Our local paper, the Atlanta Journal and Constitution ran a graphic one day. They showed a map of the Middle East. Photos of the journalists from the paper and CNN were placed over the areas they would cover. I pulled out a note pad and began my list. It was and is a prayer list of journalist who went to the Middle East to cover the war. I wrote their name and affiliation. I combed news sites of outlets around the world to add names to the list. Then alphabetized the list. My husband posted it to my website, where it remains today,with this introductory paragraph:
The following journalists are filing or have filed stories, photos and articles from Iraq. Please remember these people and their families in your thoughts and prayers as they continue to work to keep us informed.
Also, please remember the journalists around the world and in your hometown who work daily in dangerous situations and on difficult stories.
If you know of other journalists who should be listed, please send their name and affiliation along with a link to their work to: firstname.lastname@example.org
As the war continued I added name after name. The National Press Photographers Association found my list and posted a link to their home page. Journalists from around the world wrote to thank me for praying for them. I began to meet some of the journalists on this list through my own contacts with them and also through meetings of the Dart Center Ochberg Fellows.

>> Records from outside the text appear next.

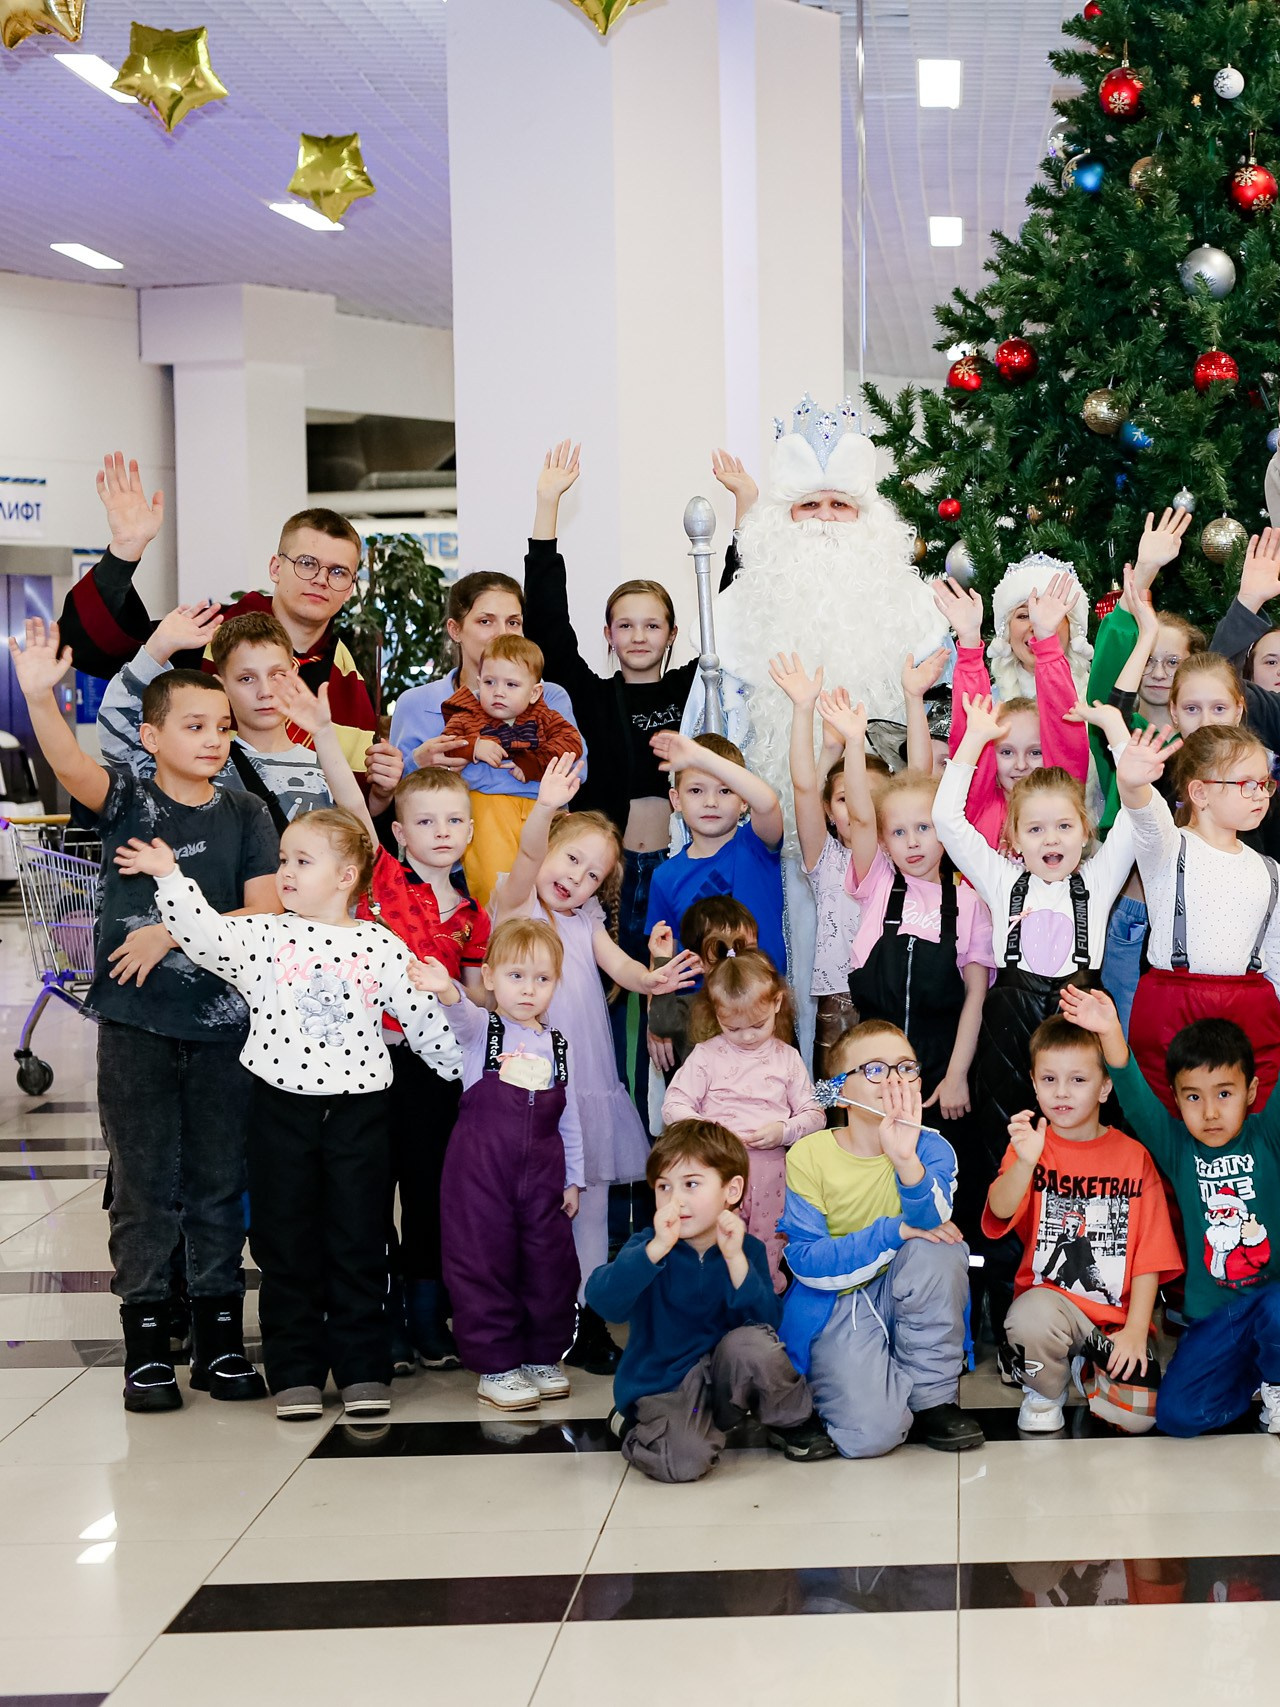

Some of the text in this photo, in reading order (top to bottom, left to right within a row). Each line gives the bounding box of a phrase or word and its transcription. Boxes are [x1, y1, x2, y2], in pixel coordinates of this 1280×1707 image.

[173, 840, 207, 860] DREA
[1008, 895, 1023, 949] FUTINO
[559, 1062, 567, 1081] arte
[1194, 1154, 1254, 1178] ARTY
[1033, 1163, 1143, 1199] BASKETBALL
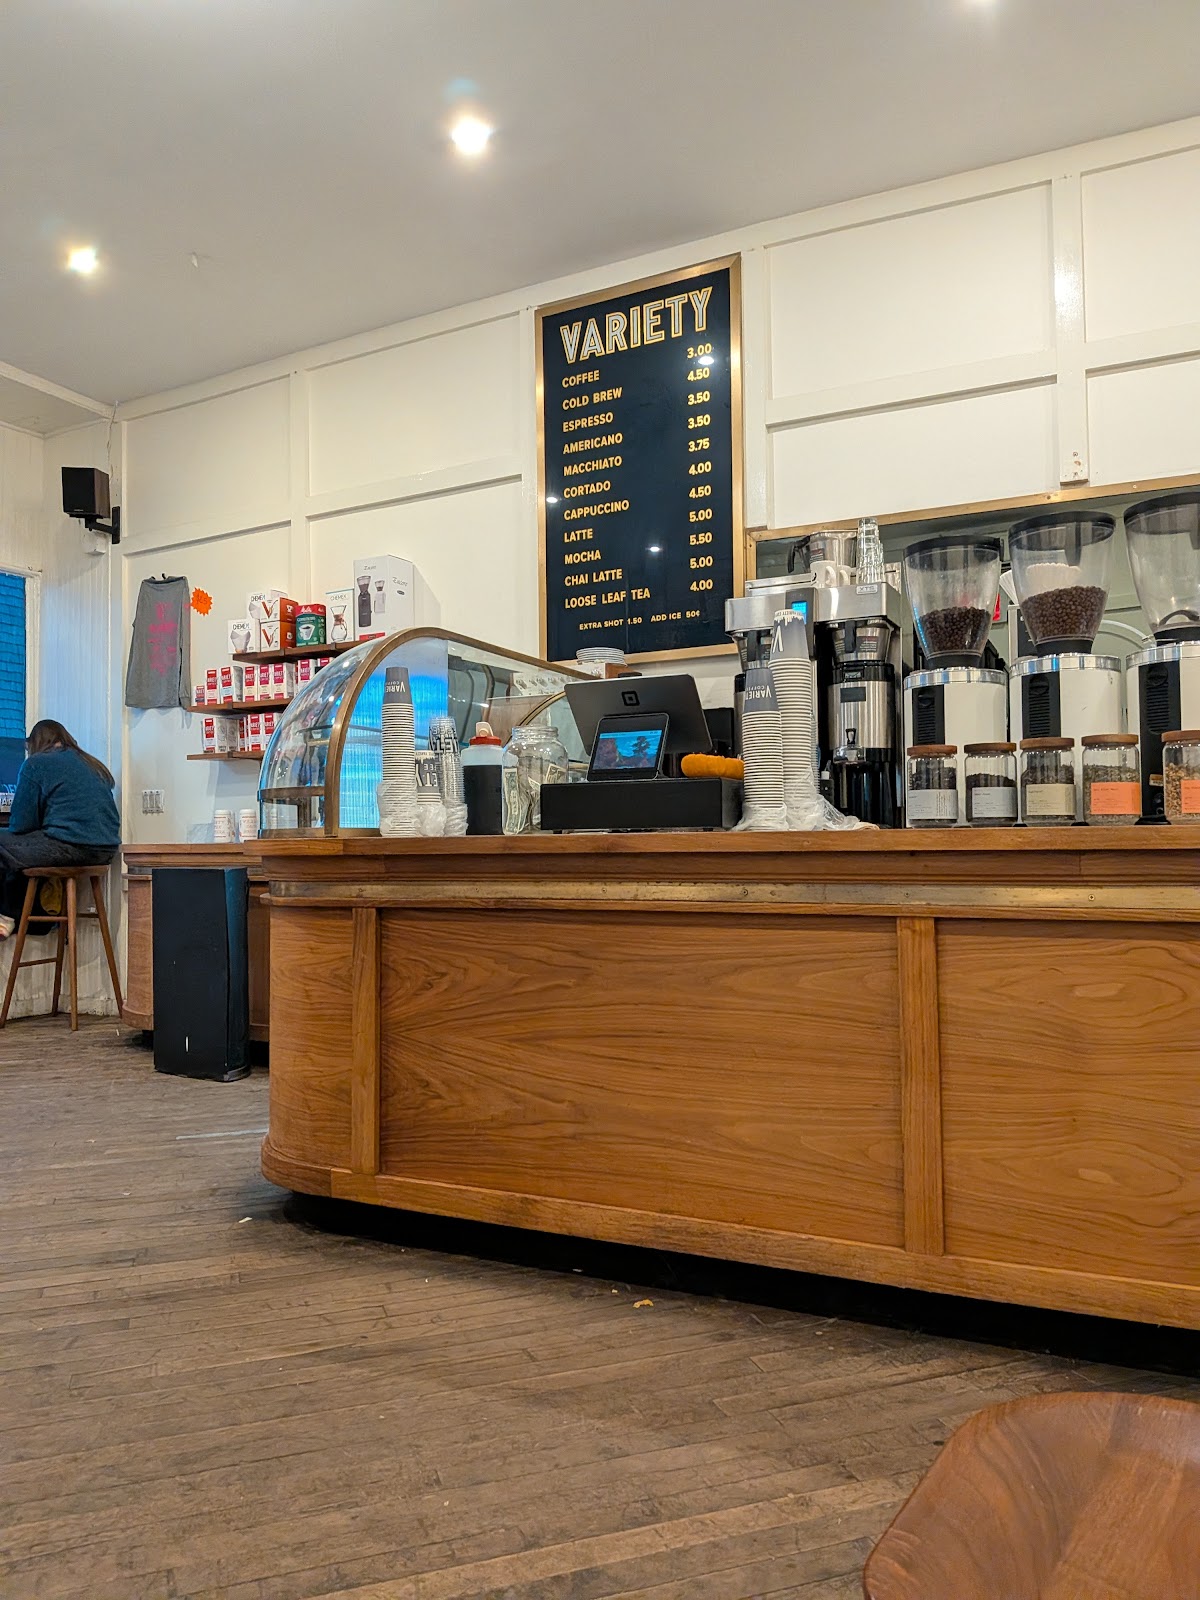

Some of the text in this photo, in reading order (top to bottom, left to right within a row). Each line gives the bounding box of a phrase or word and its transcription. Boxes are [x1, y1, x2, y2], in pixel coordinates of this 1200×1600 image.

[560, 286, 712, 364] VARIETY
[687, 344, 712, 358] 3.00
[562, 370, 599, 387] COFFEE
[687, 368, 710, 382] 4.50
[563, 387, 622, 410] COLD BREW
[688, 391, 710, 405] 3.50
[562, 412, 614, 432] ESPRESSO
[688, 414, 710, 429] 3.50
[562, 433, 623, 454] AMERICANO
[689, 438, 709, 452] 3.75
[563, 455, 623, 476] MACCHIATO
[689, 461, 711, 475] 4.00
[564, 481, 610, 498] CORTADO
[689, 485, 711, 498] 4.50
[564, 500, 630, 520] CAPPUCCINO
[690, 509, 712, 522] 5.00
[565, 529, 592, 542] LATTE
[690, 532, 712, 545] 5.50
[565, 550, 601, 564] MOCHA
[690, 556, 713, 568] 5.00
[565, 569, 622, 586] CHAI LATTE
[690, 579, 713, 591] 4.00
[566, 588, 650, 608] LOOSE LEAF TEA
[580, 622, 602, 630] EXTRA
[604, 619, 623, 627] SHOT
[746, 685, 772, 699] VARIET
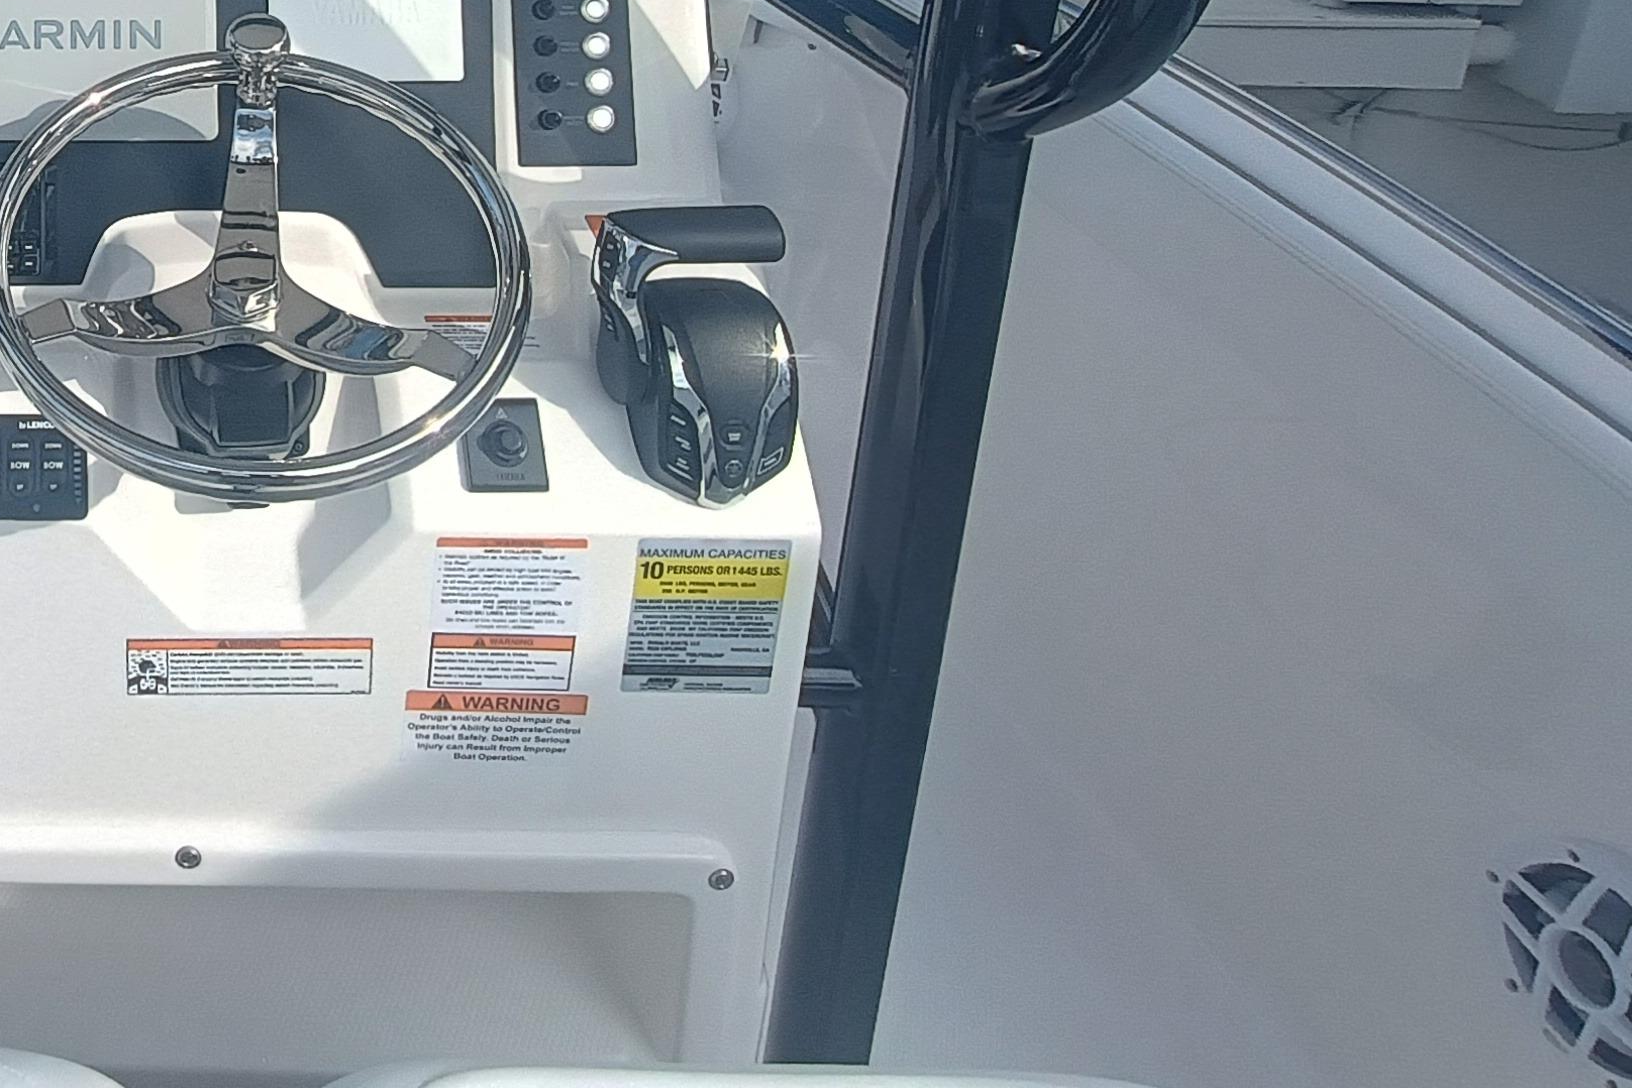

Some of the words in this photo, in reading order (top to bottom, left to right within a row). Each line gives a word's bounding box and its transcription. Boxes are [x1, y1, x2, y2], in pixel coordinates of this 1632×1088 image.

There came a time when the movement of journalists in and out of the Middle East was so fluid that it was too hard for me to keep up an accurate list, but I continued to pray.
Today my prayers continue for the journalists, the soldiers, their families, the people of the Middle East, and the veterans all impacted by our involvement there.
The situation has become intensely personal for me now.
My oldest son is one of the soldiers in the Middle East. Now my son and our family are prayed for by others.